Machine learning models used to predict the height of basketball players, from playstyle and performance statistics. Data collected using the nba_api
package, of the previous 20 seasons.
- Models: Gradient boosted regressors and classifiers, random forests
- Data analysis: Clustering, preparing clean data for better performance.
The results show, that two regressors (one gradient boosted, and a random forest regressor) can predict the height of a player within 1 inch 50% of the time. Moreover, on the data the latter model predicted inside the (-7, 5) inch error range for every player; predicting inside +-2 inches for 72.9% of the players, and +-3 inches for 86.4% of the players.

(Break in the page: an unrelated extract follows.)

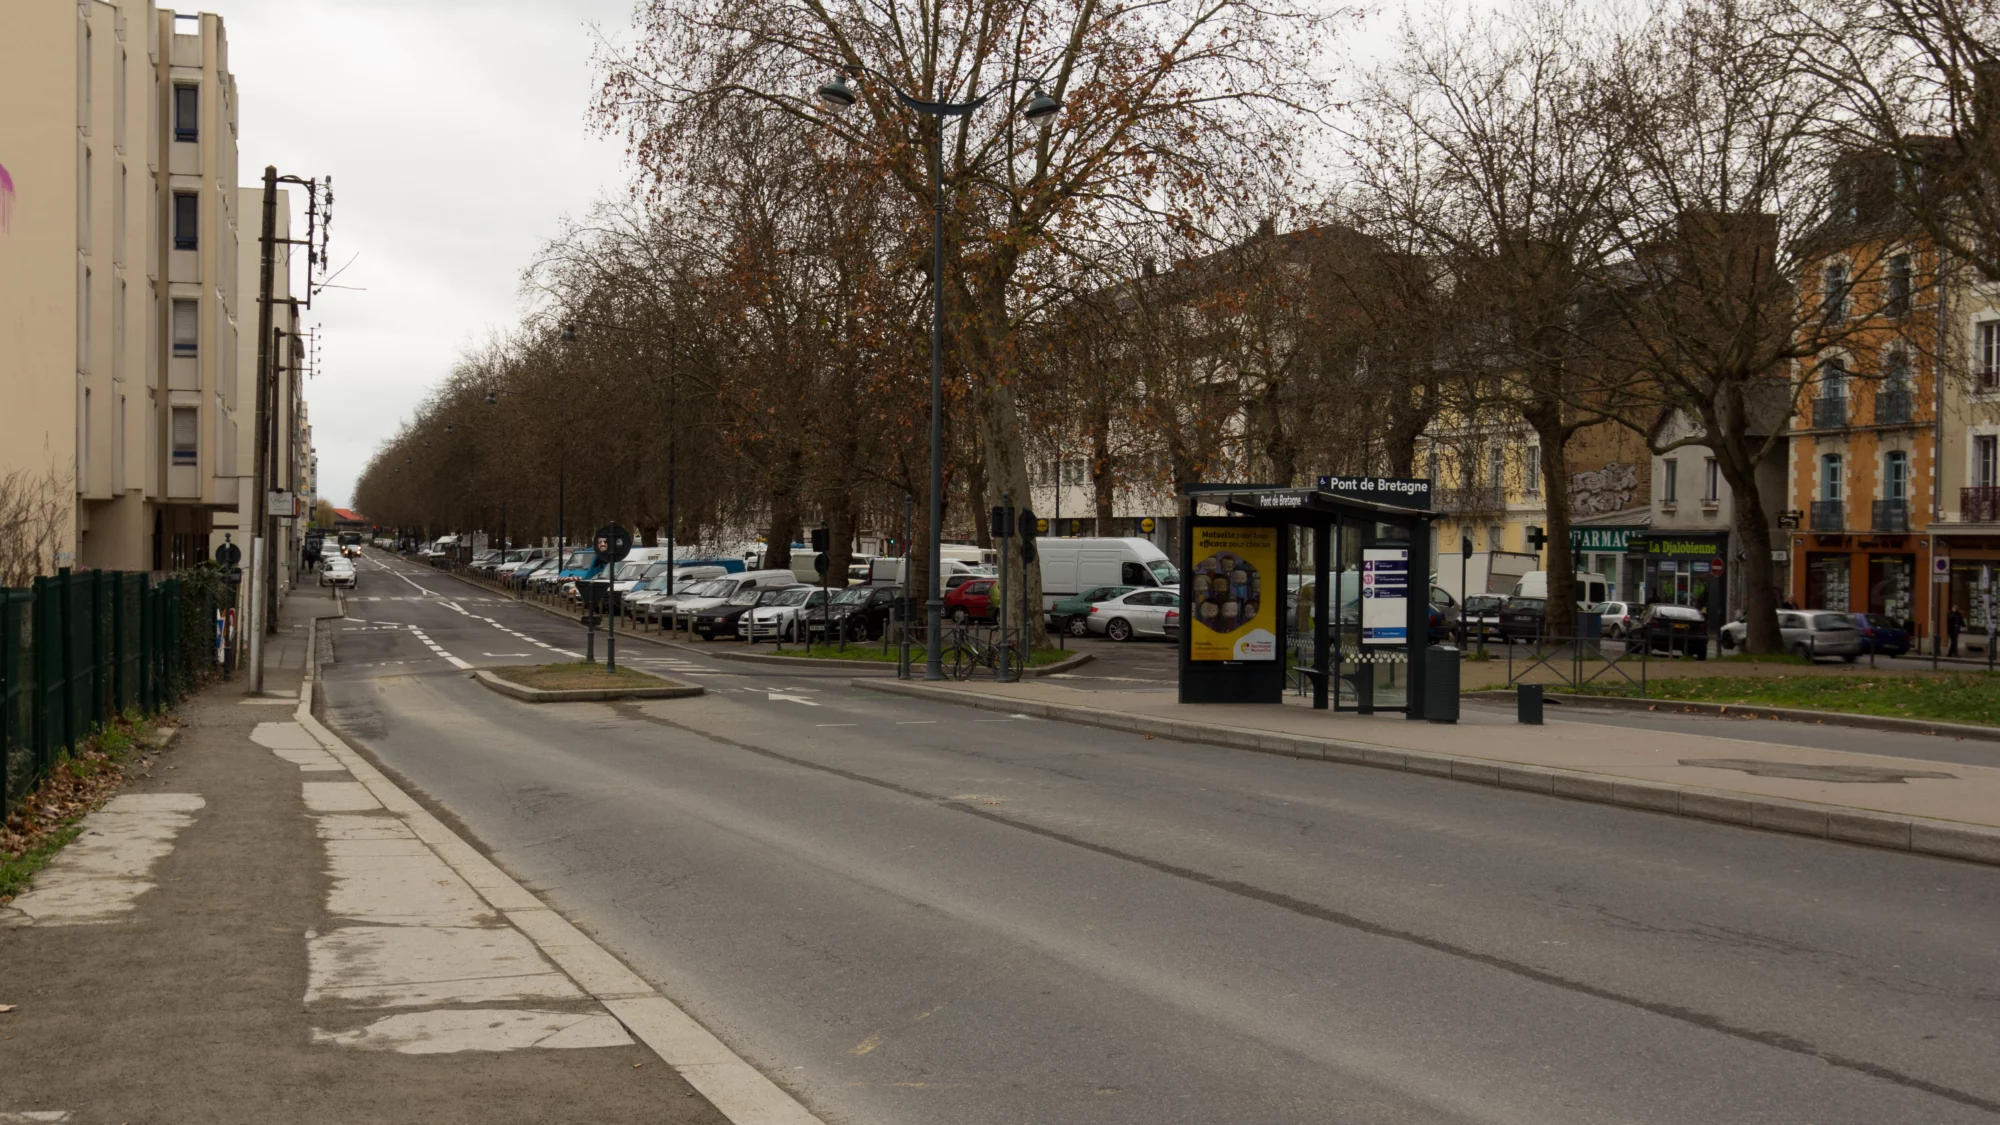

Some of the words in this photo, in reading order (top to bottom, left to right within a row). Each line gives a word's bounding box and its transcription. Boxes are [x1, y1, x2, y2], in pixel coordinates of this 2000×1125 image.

Preprocessing, analysis, prediction:: inside the ml.ipynb
notebook
Data collection, some cleaning: described in fetch_players.ipynb
.
Data is stored in the data
folder, the combined data for training in the data_combined.csv
file.
The pipeline picture:
A summary of the best models:
Model | Accuracy Score | +/-1 inch % | +/-2 inch % | +/-3 inch % | F1 Score | Error Range |
---|---|---|---|---|---|---|
Random forest classifier | 17.6% | 45.3% | 70.3% | 83.7% | 0.155 | -8 , 6 |
Ensembled (manually biased) forest | 16.2% | 49.0% | 71.3% | 85.4% | 0.149 | -8 , 5 |
Best RF regressor | - | 50.0% | 72.9% | 86.4% | - | -7 , 5 |
Best gradient boosted regressor | - | 49.9% | 69.1% | 84.5% | - | -8 , 6 |
- I recommend to just download (clone) the whole repository.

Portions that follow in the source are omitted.